Data import and recoding

Download the dataset, import it into R, and recode variables as instructed in Homework 1.

library(readr)
nhefs <- read_csv("https://cdn1.sph.harvard.edu/wp-content/uploads/sites/1268/1268/20/nhefs.csv", 
    col_types = cols(qsmk = col_factor(levels = c("0", 
         "1")), death = col_factor(levels = c("0", 
         "1")), sex = col_factor(levels = c("0", 
         "1")), race = col_factor(levels = c("0", 
         "1")), income = col_factor(levels = c("11", 
         "12", "13", "14", "15", "16", "17", 
         "18", "19", "20", "21", "22")), marital = col_factor(levels = c("1", 
         "2", "3", "4", "5", "6", "8")), education = col_factor(levels = c("1", 
         "2", "3", "4", "5")), asthma = col_factor(levels = c("0", 
         "1")), bronch = col_factor(levels = c("0", 
         "1")), tb = col_factor(levels = c("0", 
         "1")), hf = col_factor(levels = c("0", 
         "1")), hbp = col_factor(levels = c("0", 
         "1")), pepticulcer = col_factor(levels = c("0", 
         "1")), colitis = col_factor(levels = c("0", 
         "1")), hepatitis = col_factor(levels = c("0", 
         "1")), chroniccough = col_factor(levels = c("0", 
         "1")), hayfever = col_factor(levels = c("0", 
         "1")), diabetes = col_factor(levels = c("0", 
         "1")), polio = col_factor(levels = c("0", 
         "1")), tumor = col_factor(levels = c("0", 
         "1")), nervousbreak = col_factor(levels = c("0", 
         "1")), alcoholpy = col_factor(levels = c("0", 
         "1")), alcoholfreq = col_factor(levels = c("1", 
         "2", "3", "4", "5")), alcoholtype = col_factor(levels = c("1", 
         "2", "3", "4")), pica = col_factor(levels = c("0", 
         "1", "2")), headache = col_factor(levels = c("0", 
         "1")), otherpain = col_factor(levels = c("0", 
         "1")), weakheart = col_factor(levels = c("0", 
         "1")), allergies = col_factor(levels = c("0", 
         "1")), nerves = col_factor(levels = c("0", 
         "1")), lackpep = col_factor(levels = c("0", 
         "1")), hbpmed = col_factor(levels = c("0", 
         "1", "2")), boweltrouble = col_factor(levels = c("0", 
         "1","2")), active = col_factor(levels = c("0", 
         "1","2")),exercise = col_factor(levels = c("0", 
         "1","2"))))
## `curl` package not installed, falling back to using `url()`
## Warning: One or more parsing issues, call `problems()` on your data frame for details,
## e.g.:
##   dat <- vroom(...)
##   problems(dat)
library(dplyr)
## 
## Attaching package: 'dplyr'
## The following objects are masked from 'package:stats':
## 
##     filter, lag
## The following objects are masked from 'package:base':
## 
##     intersect, setdiff, setequal, union
nhefs2<-select(nhefs,c(death,active,age,education,exercise,race,sex,smokeintensity,smokeyrs,wt82_71,qsmk))
library(dplyr)

nhefs2<-nhefs2 %>% mutate(active=case_match(death,"0"~"NO","1"~"YES",.ptype = factor(c("NO","YES"))))
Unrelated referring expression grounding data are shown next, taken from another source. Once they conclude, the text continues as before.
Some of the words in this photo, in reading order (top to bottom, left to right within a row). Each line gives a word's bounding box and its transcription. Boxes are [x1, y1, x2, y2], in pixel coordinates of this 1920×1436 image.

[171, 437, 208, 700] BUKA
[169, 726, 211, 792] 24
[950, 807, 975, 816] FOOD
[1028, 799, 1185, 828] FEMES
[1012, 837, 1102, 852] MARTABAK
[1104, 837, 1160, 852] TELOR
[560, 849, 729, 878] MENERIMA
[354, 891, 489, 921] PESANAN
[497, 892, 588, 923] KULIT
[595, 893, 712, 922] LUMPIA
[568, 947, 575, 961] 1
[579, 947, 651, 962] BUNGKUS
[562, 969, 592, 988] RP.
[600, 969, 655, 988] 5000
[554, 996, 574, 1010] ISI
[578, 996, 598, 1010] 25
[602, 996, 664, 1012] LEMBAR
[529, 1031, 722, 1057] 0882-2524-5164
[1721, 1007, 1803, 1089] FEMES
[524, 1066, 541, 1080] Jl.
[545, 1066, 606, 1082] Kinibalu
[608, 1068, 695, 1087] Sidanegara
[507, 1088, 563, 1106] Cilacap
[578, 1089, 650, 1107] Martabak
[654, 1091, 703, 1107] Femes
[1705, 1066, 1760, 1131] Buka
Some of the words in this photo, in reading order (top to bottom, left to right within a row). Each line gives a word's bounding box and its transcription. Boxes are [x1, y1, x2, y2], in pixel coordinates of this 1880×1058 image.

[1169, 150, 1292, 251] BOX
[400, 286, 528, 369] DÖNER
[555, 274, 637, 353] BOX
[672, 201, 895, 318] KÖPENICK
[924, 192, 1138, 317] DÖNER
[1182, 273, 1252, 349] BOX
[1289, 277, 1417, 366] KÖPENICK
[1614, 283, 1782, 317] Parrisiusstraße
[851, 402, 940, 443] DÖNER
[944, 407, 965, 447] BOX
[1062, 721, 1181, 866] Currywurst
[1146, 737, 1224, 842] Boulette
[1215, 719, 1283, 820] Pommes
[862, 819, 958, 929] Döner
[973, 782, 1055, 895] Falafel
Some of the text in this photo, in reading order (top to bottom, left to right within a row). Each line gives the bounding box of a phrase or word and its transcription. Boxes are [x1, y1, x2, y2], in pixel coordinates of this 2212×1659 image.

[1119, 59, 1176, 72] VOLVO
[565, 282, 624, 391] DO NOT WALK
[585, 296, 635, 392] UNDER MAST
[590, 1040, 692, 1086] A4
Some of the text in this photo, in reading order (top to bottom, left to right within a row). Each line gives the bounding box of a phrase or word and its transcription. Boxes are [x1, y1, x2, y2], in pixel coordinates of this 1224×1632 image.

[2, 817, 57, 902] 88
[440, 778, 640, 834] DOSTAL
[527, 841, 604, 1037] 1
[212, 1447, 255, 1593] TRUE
#nhefs2<-nhefs2 %>% mutate(active=case_match(active,"0"~"inactive","1"~"moderately active","2"~"very active",.ptype = factor(c("inactive","moderately active","very active"))))

nhefs2<-nhefs2 %>% mutate(exercise=case_match(exercise,"0"~"little or no exercise","1"~"moderate exercise","2"~"much exercise",.ptype = factor(c("little or no exercise","moderate exercise","much exercise"))))

nhefs2<-nhefs2 %>% mutate(sex=case_match(sex,"0"~"Male","1"~"Female",.ptype = factor(c("Male","Female"))))

nhefs2<-nhefs2 %>% mutate(education=case_match(education,"1"~"8TH GRADE OR LESS","2"~"HS DROPOUT","3"~"HS","4"~"COLLEGE DROPOUT","5"~"COLLEGE OR MORE",.ptype = factor(c("8TH GRADE OR LESS","HS DROPOUT","HS","COLLEGE DROPOUT","COLLEGE OR MORE"))))

nhefs2<-nhefs2 %>% mutate(race=case_match(race,"0"~"WHITE","1"~"BLACK OR OTHER",.ptype = factor(c("WHITE", "BLACK OR OTHER"))))

nhefs2<-nhefs2 %>% mutate(qsmk=case_match(qsmk,"0"~"NO",
           "1"~"YES",.ptype = factor(c("NO", "YES"))))
nhefs2
#nhefs2<-nhefs2 %>% mutate(death=relevel(death,ref="NO"))

#nhefs2<-nhefs2 %>% mutate(active=relevel(active,ref="moderately active"))

nhefs2<-nhefs2 %>% mutate(education=relevel(education,ref="HS"))

nhefs2<-nhefs2 %>% mutate(exercise=relevel(exercise,ref="moderate exercise"))

nhefs2<-nhefs2 %>% mutate(race=relevel(race,ref="WHITE"))
summary(nhefs2)

Question 1 (2 points): filter any censored or missing data

Remove all participants that were lost to follow-up or “censored”, whose value of the cens variable is 0. You would ordinarily want to perform a sensitivity analysis and consider the possibility of bias from informative censoring, but you can ignore that possibility for the purposes of this assignment.

Also remove observations that are missing any of the following variables:

death cens active age education exercise qsmk race sex smokeintensity smkyrs wt82_71

nhefsclean<-na.omit(nhefs2)
is.na(nhefsclean)

Question 2 (4 points): Table 1

Create a table of descriptive statistics like in HW1, but this time stratify it by the exposure variable qsmk

library(table1)
## 
## Attaching package: 'table1'
## The following objects are masked from 'package:base':
## 
##     units, units<-
nhefs2_table<-
  table1::table1(
    ~death+active+age+education+exercise+race+smokeintensity+smokeyrs+wt82_71|qsmk,
    data= nhefsclean,
    overall="Total",
    topclass="Rtable1-times",
    caption="Table1:Epi Table-characterisitics of data",
    )
nhefs2_table
Table1:Epi Table-characterisitics of data
NO
(N=1163)		 YES
(N=403)		 Total
(N=1566)
death
0 963 (82.8%) 312 (77.4%) 1275 (81.4%)
1 200 (17.2%) 91 (22.6%) 291 (18.6%)
active
NO 963 (82.8%) 312 (77.4%) 1275 (81.4%)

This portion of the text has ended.